5. Type enum -U Win 2000 Server and press enter. That was easy, wasn't it? Because this server accepts null sessions we were able to pull down a list of local usernames
6. Type enum -P Win 2000 Server and press enter. As you can see from the password policy there is no lockout threshold. With this information we could attempt to crack the users password with brute force without having to worry about locking the account out
7. Type enum and press enter to see what other functionality this application has
6. Nbtenum
1. On the desktop, double click cmd.exe to spawn a new command prompt. Type cd nbtenum and press enter
2. Type nbtenum -a Win 2000 Server dict.txt and press enter. The results of the command are saved to a .html file in the E:\tools\nbtenum\ directory as pictured below:
3. Double-click on 10.0.0.x.html (where x is the IP of your particular machine) to open the output. The passwords that were cracked will be near the bottom
4. Perform the command again but this time against Win 2003 Server and have a look at the resulting .html document. Do you recall why we aren't able to pull the same amount of information? (Hint: the reasoning is printed on the .html page)
7. Winfingerprint
1. Browse to Start / Programs / Security Tools / Enumeration and open Winfingerprint on the XP Security VM.
2. Winfingerprint has similar functionality to enum, but with a simple-to-use GUI. Let's run winfingerprint on our Win 2000 Server
3. Select the Single Host radio button in the upper left
4. For the IP address, type Win 2000 Server (don't forget to translate this to an IP)

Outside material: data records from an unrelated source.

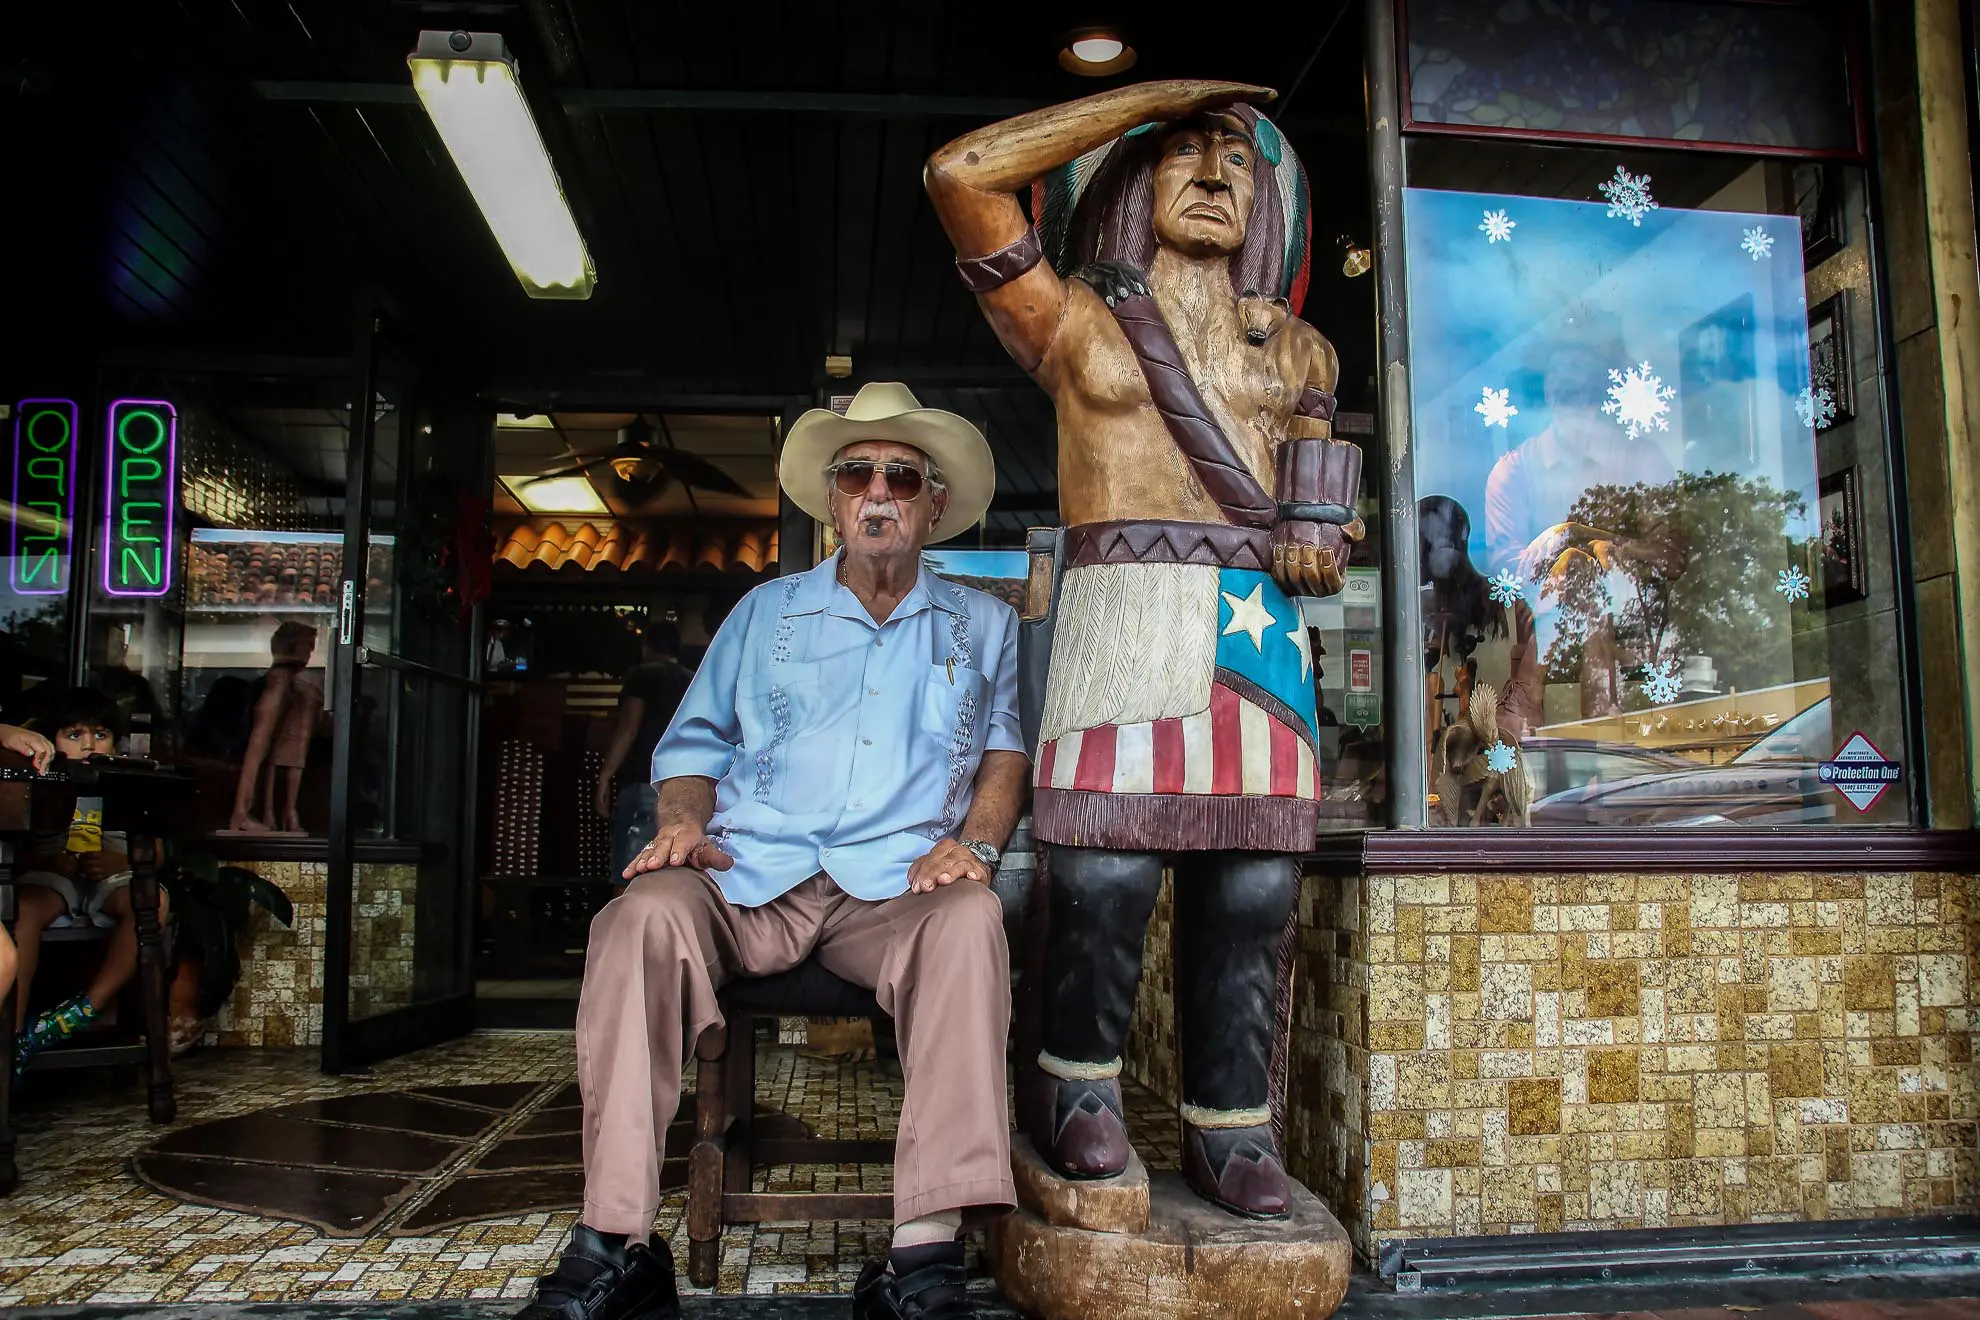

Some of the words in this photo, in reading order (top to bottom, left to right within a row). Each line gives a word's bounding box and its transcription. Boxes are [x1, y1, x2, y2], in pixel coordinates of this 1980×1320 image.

[118, 410, 166, 586] OPEN
[1832, 766, 1879, 779] Protection
[1881, 766, 1899, 779] One
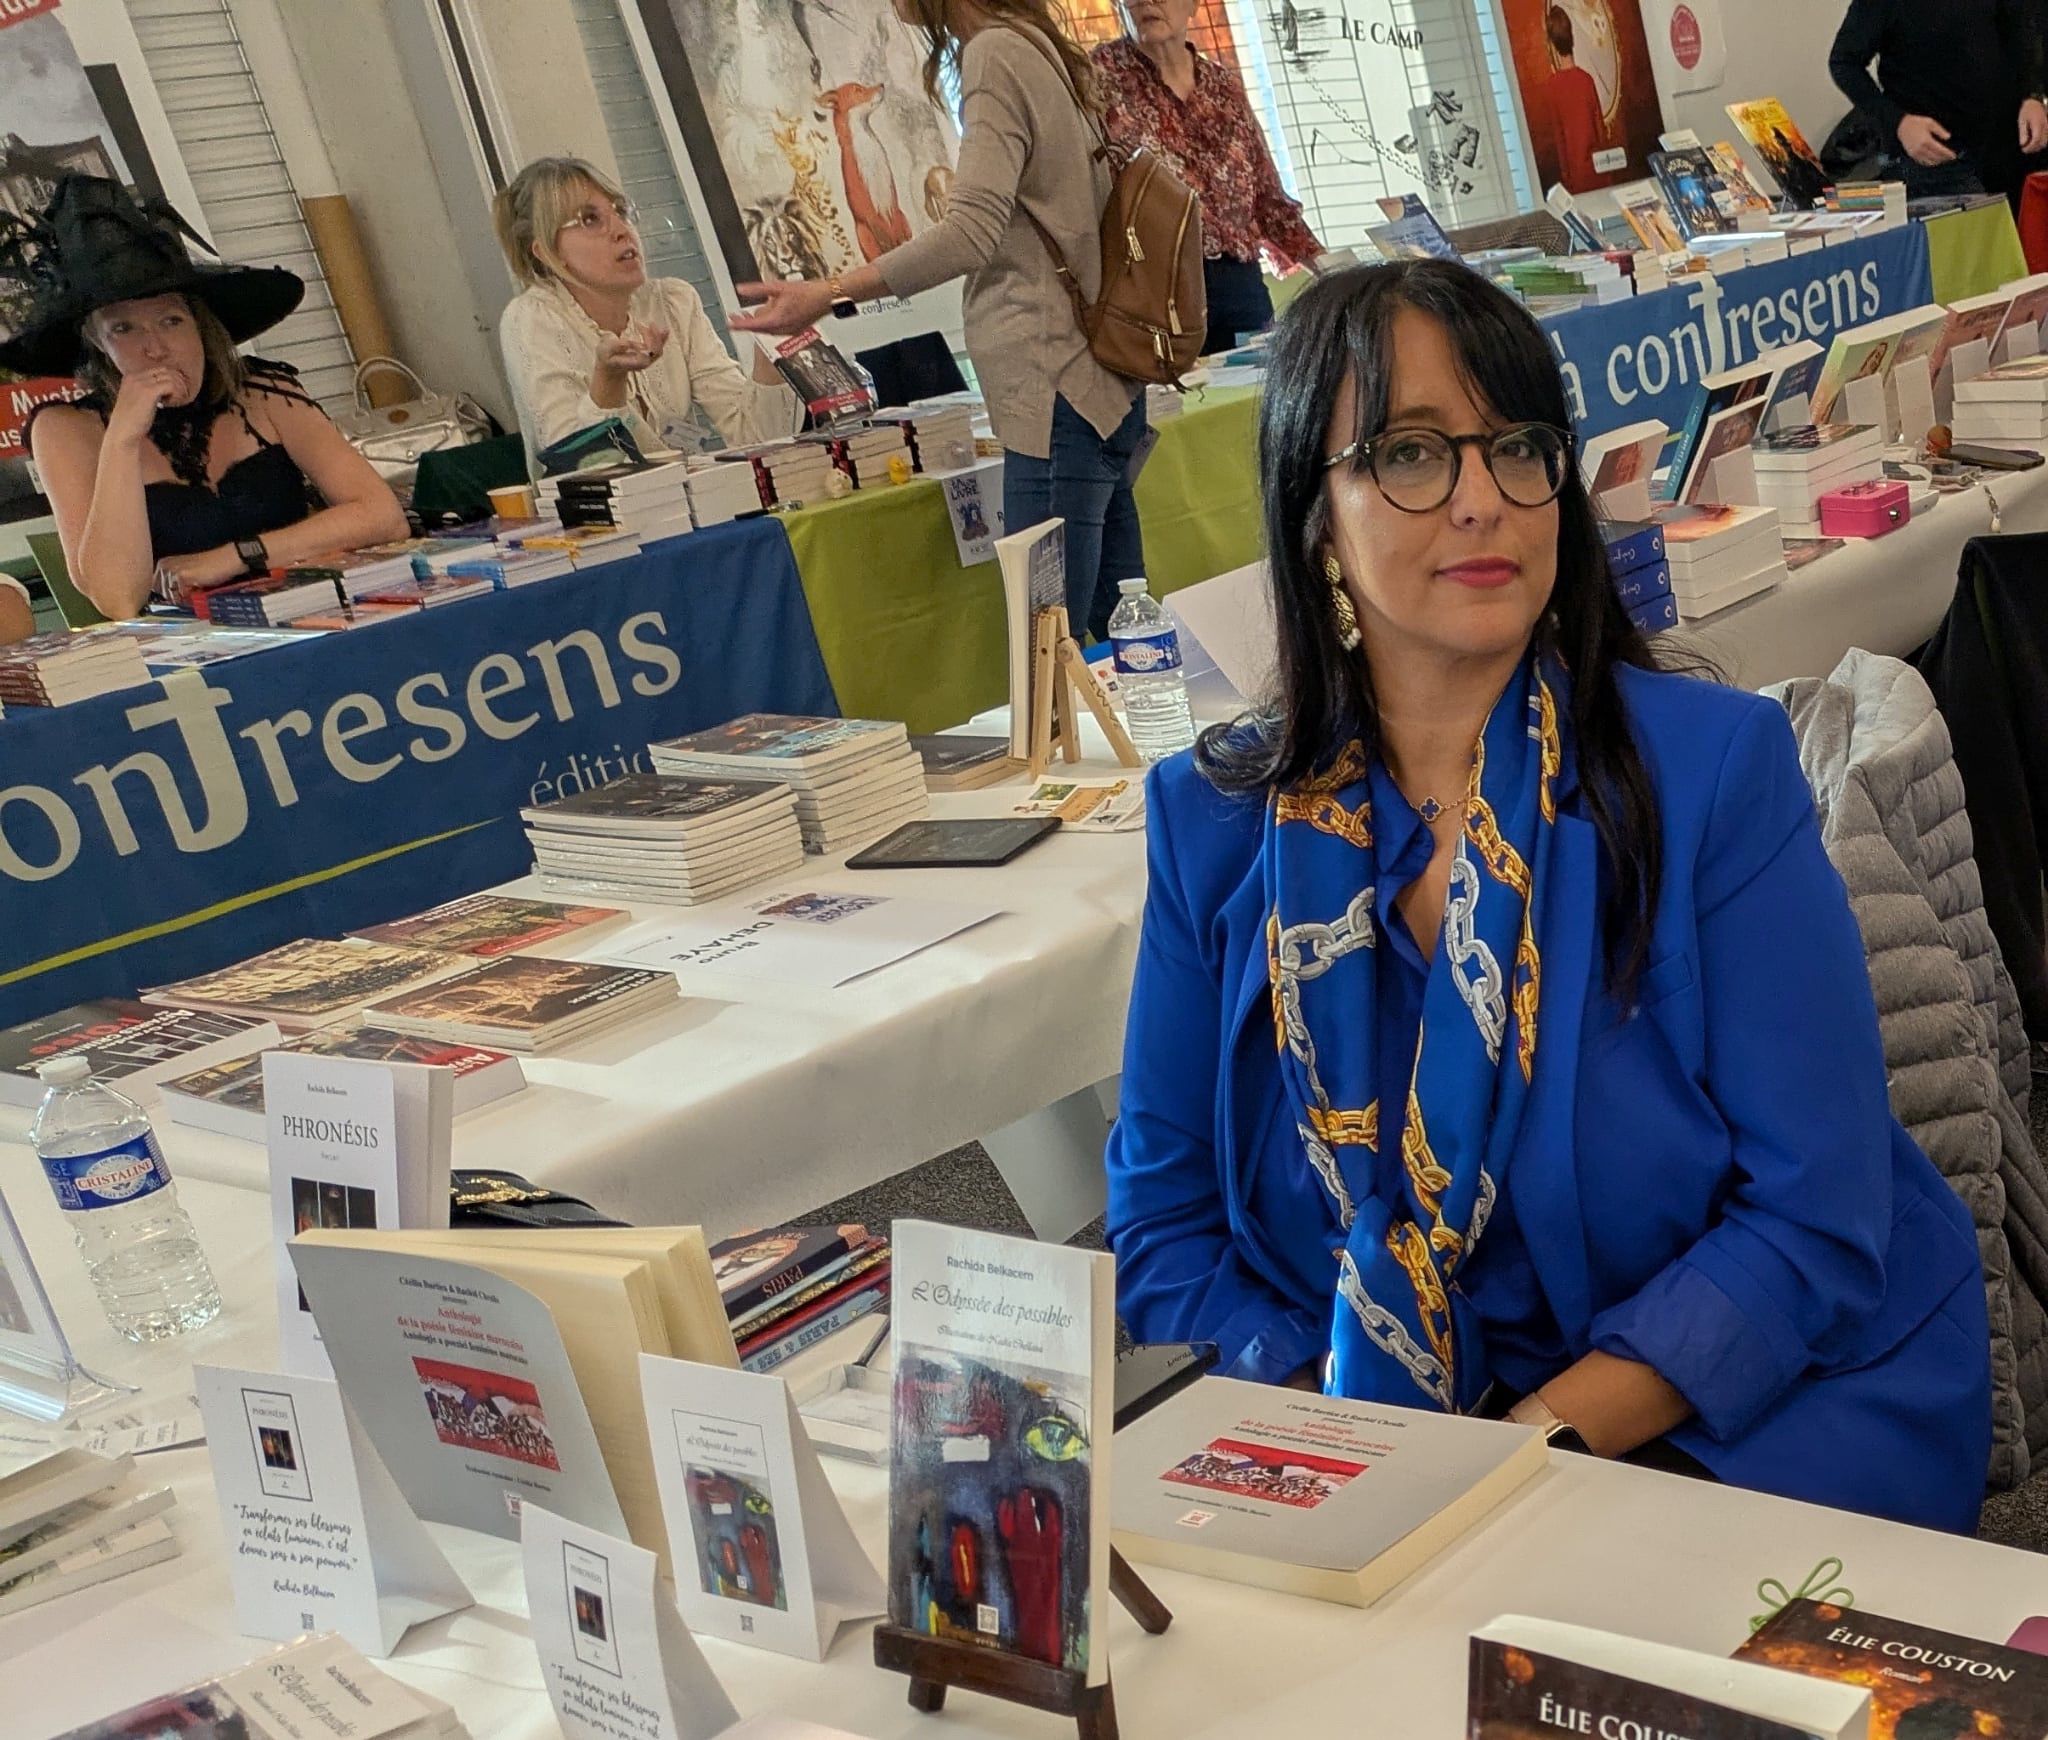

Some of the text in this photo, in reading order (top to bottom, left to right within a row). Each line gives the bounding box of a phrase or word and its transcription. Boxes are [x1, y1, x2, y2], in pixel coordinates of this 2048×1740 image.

[1341, 18, 1424, 51] LE CAMP
[670, 920, 775, 963] DEHAYE
[282, 1114, 379, 1149] PHRONÉSIS
[78, 1160, 152, 1190] CRISTALINE
[761, 1264, 805, 1300] PARIS
[946, 1255, 1035, 1282] Rachida Belkacem
[438, 1307, 482, 1325] Anthologie
[911, 1280, 1074, 1329] L'Odyssée des possibles
[1826, 1626, 2017, 1684] ÉLIE COUSTON
[1539, 1692, 1593, 1735] ÉLIE

5. For now we will leave the default options checked. Click Scan to begin the enumeration process
6. Have a look through the resulting output. We have now gathered all types of information including NetBIOS shares and services
7. Check a few more of the options (including Users) in the ‘Scan Options' section and rerun the scan. Scroll down through the output and take note of the usernames followed by a SID number. This will be useful in later labs
3. Vulnerability Scanning
1. To complete this section you will need the XP Security/Win 7-8 VM and the Windows 2000 Server VMs powered on. Make sure that the Backtrack5/Kali and Win 2003 Server VMs are powered down.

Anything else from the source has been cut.